**Task to complete**
Each entry below is to be duplicated verbatim.
****
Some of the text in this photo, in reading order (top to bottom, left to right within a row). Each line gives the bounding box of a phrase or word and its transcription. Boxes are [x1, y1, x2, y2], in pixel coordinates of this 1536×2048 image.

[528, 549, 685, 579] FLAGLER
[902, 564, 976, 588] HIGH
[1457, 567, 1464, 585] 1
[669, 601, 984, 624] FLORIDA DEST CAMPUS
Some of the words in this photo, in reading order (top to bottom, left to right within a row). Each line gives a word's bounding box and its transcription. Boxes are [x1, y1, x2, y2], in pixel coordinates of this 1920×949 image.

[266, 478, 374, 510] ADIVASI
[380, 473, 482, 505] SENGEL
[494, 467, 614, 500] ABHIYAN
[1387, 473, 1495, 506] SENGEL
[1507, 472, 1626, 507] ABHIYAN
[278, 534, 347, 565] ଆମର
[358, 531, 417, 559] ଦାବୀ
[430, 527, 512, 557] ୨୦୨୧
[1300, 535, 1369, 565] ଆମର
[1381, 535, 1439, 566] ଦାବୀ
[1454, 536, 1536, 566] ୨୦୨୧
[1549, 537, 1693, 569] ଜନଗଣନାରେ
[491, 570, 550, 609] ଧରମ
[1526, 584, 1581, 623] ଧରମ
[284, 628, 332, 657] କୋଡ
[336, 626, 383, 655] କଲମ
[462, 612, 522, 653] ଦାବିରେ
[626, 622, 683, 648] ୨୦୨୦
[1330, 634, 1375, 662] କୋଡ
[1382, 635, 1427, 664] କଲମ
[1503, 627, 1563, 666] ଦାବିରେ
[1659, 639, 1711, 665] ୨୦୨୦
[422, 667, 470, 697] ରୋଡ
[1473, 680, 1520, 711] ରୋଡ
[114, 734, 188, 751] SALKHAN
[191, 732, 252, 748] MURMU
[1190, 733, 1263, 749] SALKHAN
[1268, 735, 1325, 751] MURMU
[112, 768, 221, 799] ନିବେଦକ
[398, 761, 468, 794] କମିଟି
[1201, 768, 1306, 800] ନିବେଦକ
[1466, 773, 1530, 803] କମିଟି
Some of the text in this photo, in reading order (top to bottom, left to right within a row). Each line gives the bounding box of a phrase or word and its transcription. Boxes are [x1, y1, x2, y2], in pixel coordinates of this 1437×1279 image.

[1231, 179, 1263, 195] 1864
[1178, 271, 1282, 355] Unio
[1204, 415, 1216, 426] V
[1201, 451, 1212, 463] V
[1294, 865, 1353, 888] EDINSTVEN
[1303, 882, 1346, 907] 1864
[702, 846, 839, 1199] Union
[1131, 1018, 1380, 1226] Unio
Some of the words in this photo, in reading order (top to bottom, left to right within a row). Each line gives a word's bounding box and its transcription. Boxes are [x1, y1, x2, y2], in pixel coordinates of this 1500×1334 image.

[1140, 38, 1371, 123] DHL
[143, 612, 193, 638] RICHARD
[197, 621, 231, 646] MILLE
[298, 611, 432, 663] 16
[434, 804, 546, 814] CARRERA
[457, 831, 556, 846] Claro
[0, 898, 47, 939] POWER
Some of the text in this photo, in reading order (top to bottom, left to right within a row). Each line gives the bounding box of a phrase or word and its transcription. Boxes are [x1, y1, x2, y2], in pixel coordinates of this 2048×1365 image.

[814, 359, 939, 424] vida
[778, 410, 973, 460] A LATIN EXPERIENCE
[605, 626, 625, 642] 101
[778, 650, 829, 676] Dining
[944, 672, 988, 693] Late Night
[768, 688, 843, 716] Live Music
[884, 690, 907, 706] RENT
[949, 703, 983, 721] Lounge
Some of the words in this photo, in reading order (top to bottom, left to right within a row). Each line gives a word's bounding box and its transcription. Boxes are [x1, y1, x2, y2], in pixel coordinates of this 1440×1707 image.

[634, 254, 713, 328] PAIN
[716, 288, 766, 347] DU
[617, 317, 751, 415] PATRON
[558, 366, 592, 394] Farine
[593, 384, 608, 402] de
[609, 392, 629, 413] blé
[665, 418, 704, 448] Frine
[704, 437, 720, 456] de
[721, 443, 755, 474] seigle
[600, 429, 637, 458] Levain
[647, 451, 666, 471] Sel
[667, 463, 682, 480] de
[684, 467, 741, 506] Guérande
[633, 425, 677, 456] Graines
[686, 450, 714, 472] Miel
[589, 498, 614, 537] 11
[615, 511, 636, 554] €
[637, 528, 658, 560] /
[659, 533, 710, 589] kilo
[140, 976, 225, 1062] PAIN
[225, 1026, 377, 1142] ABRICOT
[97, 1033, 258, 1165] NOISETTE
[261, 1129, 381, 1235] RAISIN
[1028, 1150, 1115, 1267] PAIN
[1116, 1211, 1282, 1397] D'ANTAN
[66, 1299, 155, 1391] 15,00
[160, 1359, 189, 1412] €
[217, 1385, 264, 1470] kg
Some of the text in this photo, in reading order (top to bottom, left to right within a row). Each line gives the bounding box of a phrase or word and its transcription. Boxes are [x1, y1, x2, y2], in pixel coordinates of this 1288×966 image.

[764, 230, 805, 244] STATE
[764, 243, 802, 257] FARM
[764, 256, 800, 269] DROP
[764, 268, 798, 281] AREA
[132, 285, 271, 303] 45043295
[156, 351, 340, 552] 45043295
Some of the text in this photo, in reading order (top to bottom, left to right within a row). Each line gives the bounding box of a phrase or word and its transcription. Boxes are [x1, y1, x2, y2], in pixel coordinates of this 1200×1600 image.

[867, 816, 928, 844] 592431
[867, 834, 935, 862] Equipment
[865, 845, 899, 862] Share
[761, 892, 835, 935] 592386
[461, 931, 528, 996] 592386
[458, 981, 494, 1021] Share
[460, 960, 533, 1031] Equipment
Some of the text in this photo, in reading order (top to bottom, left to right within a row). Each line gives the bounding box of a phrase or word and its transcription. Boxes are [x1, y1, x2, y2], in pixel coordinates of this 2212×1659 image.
****
**Answer section**
Some of the text in this photo, in reading order (top to bottom, left to right within a row). Each line gives the bounding box of a phrase or word and its transcription. Boxes are [x1, y1, x2, y2], in pixel coordinates of this 1536×2048 image.

[528, 549, 685, 579] FLAGLER
[902, 564, 976, 588] HIGH
[1457, 567, 1464, 585] 1
[669, 601, 984, 624] FLORIDA DEST CAMPUS
Some of the words in this photo, in reading order (top to bottom, left to right within a row). Each line gives a word's bounding box and its transcription. Boxes are [x1, y1, x2, y2], in pixel coordinates of this 1920×949 image.

[266, 478, 374, 510] ADIVASI
[380, 473, 482, 505] SENGEL
[494, 467, 614, 500] ABHIYAN
[1387, 473, 1495, 506] SENGEL
[1507, 472, 1626, 507] ABHIYAN
[278, 534, 347, 565] ଆମର
[358, 531, 417, 559] ଦାବୀ
[430, 527, 512, 557] ୨୦୨୧
[1300, 535, 1369, 565] ଆମର
[1381, 535, 1439, 566] ଦାବୀ
[1454, 536, 1536, 566] ୨୦୨୧
[1549, 537, 1693, 569] ଜନଗଣନାରେ
[491, 570, 550, 609] ଧରମ
[1526, 584, 1581, 623] ଧରମ
[284, 628, 332, 657] କୋଡ
[336, 626, 383, 655] କଲମ
[462, 612, 522, 653] ଦାବିରେ
[626, 622, 683, 648] ୨୦୨୦
[1330, 634, 1375, 662] କୋଡ
[1382, 635, 1427, 664] କଲମ
[1503, 627, 1563, 666] ଦାବିରେ
[1659, 639, 1711, 665] ୨୦୨୦
[422, 667, 470, 697] ରୋଡ
[1473, 680, 1520, 711] ରୋଡ
[114, 734, 188, 751] SALKHAN
[191, 732, 252, 748] MURMU
[1190, 733, 1263, 749] SALKHAN
[1268, 735, 1325, 751] MURMU
[112, 768, 221, 799] ନିବେଦକ
[398, 761, 468, 794] କମିଟି
[1201, 768, 1306, 800] ନିବେଦକ
[1466, 773, 1530, 803] କମିଟି
Some of the text in this photo, in reading order (top to bottom, left to right within a row). Each line gives the bounding box of a phrase or word and its transcription. Boxes are [x1, y1, x2, y2], in pixel coordinates of this 1437×1279 image.

[1231, 179, 1263, 195] 1864
[1178, 271, 1282, 355] Unio
[1204, 415, 1216, 426] V
[1201, 451, 1212, 463] V
[1294, 865, 1353, 888] EDINSTVEN
[1303, 882, 1346, 907] 1864
[702, 846, 839, 1199] Union
[1131, 1018, 1380, 1226] Unio
Some of the words in this photo, in reading order (top to bottom, left to right within a row). Each line gives a word's bounding box and its transcription. Boxes are [x1, y1, x2, y2], in pixel coordinates of this 1500×1334 image.

[1140, 38, 1371, 123] DHL
[143, 612, 193, 638] RICHARD
[197, 621, 231, 646] MILLE
[298, 611, 432, 663] 16
[434, 804, 546, 814] CARRERA
[457, 831, 556, 846] Claro
[0, 898, 47, 939] POWER
Some of the text in this photo, in reading order (top to bottom, left to right within a row). Each line gives the bounding box of a phrase or word and its transcription. Boxes are [x1, y1, x2, y2], in pixel coordinates of this 2048×1365 image.

[814, 359, 939, 424] vida
[778, 410, 973, 460] A LATIN EXPERIENCE
[605, 626, 625, 642] 101
[778, 650, 829, 676] Dining
[944, 672, 988, 693] Late Night
[768, 688, 843, 716] Live Music
[884, 690, 907, 706] RENT
[949, 703, 983, 721] Lounge
Some of the words in this photo, in reading order (top to bottom, left to right within a row). Each line gives a word's bounding box and its transcription. Boxes are [x1, y1, x2, y2], in pixel coordinates of this 1440×1707 image.

[634, 254, 713, 328] PAIN
[716, 288, 766, 347] DU
[617, 317, 751, 415] PATRON
[558, 366, 592, 394] Farine
[593, 384, 608, 402] de
[609, 392, 629, 413] blé
[665, 418, 704, 448] Frine
[704, 437, 720, 456] de
[721, 443, 755, 474] seigle
[600, 429, 637, 458] Levain
[647, 451, 666, 471] Sel
[667, 463, 682, 480] de
[684, 467, 741, 506] Guérande
[633, 425, 677, 456] Graines
[686, 450, 714, 472] Miel
[589, 498, 614, 537] 11
[615, 511, 636, 554] €
[637, 528, 658, 560] /
[659, 533, 710, 589] kilo
[140, 976, 225, 1062] PAIN
[225, 1026, 377, 1142] ABRICOT
[97, 1033, 258, 1165] NOISETTE
[261, 1129, 381, 1235] RAISIN
[1028, 1150, 1115, 1267] PAIN
[1116, 1211, 1282, 1397] D'ANTAN
[66, 1299, 155, 1391] 15,00
[160, 1359, 189, 1412] €
[217, 1385, 264, 1470] kg
Some of the text in this photo, in reading order (top to bottom, left to right within a row). Each line gives the bounding box of a phrase or word and its transcription. Boxes are [x1, y1, x2, y2], in pixel coordinates of this 1288×966 image.

[764, 230, 805, 244] STATE
[764, 243, 802, 257] FARM
[764, 256, 800, 269] DROP
[764, 268, 798, 281] AREA
[132, 285, 271, 303] 45043295
[156, 351, 340, 552] 45043295
Some of the text in this photo, in reading order (top to bottom, left to right within a row). Each line gives the bounding box of a phrase or word and its transcription. Boxes are [x1, y1, x2, y2], in pixel coordinates of this 1200×1600 image.

[867, 816, 928, 844] 592431
[867, 834, 935, 862] Equipment
[865, 845, 899, 862] Share
[761, 892, 835, 935] 592386
[461, 931, 528, 996] 592386
[458, 981, 494, 1021] Share
[460, 960, 533, 1031] Equipment
Some of the text in this photo, in reading order (top to bottom, left to right within a row). Each line gives the bounding box of a phrase or word and its transcription. Boxes are [x1, y1, x2, y2], in pixel coordinates of this 2212×1659 image.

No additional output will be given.